* Task
Below is a set of records. Repeat them verbatim without the pictures.

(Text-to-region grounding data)
········

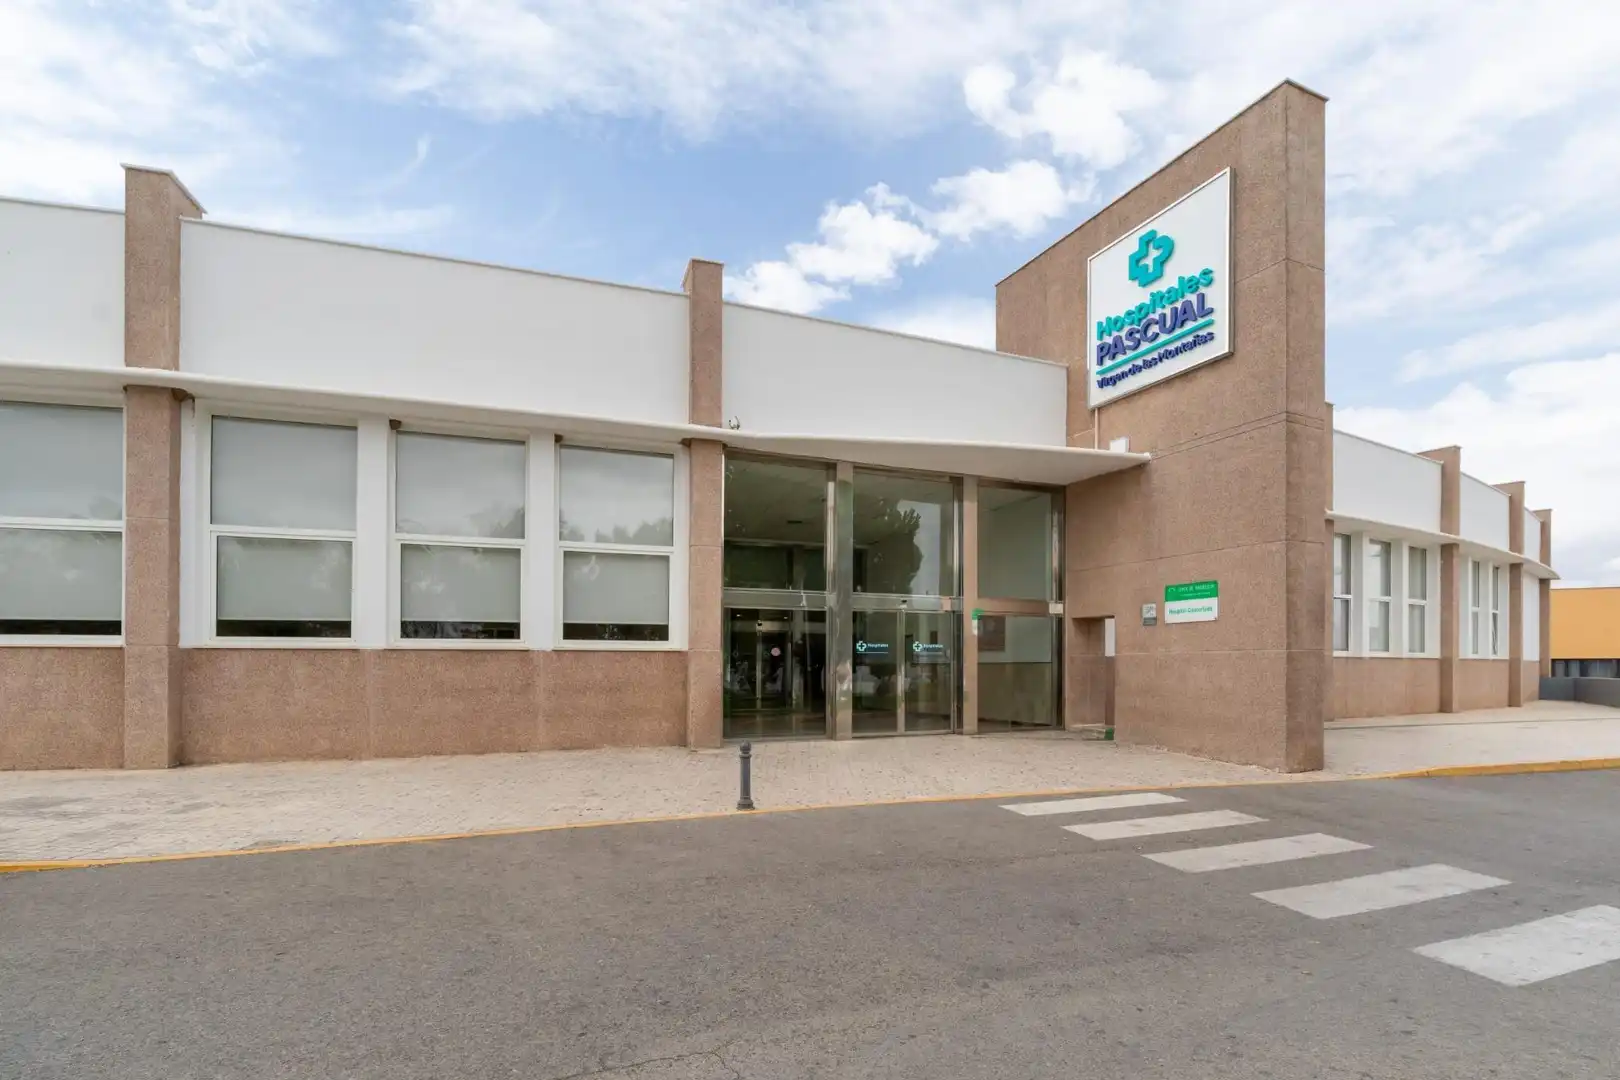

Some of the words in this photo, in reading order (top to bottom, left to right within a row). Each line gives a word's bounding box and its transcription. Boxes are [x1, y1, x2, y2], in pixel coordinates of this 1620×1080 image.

[1096, 268, 1214, 341] Hospitales
[1096, 292, 1214, 366] PASCUAL
[1097, 370, 1129, 389] Virgen
[1128, 363, 1143, 376] de
[1142, 358, 1158, 370] las
[1158, 332, 1215, 362] Montañas

········

* Response to this task
Some of the words in this photo, in reading order (top to bottom, left to right within a row). Each line gives a word's bounding box and its transcription. Boxes are [x1, y1, x2, y2], in pixel coordinates of this 1620×1080 image.

[1096, 268, 1214, 341] Hospitales
[1096, 292, 1214, 366] PASCUAL
[1097, 370, 1129, 389] Virgen
[1128, 363, 1143, 376] de
[1142, 358, 1158, 370] las
[1158, 332, 1215, 362] Montañas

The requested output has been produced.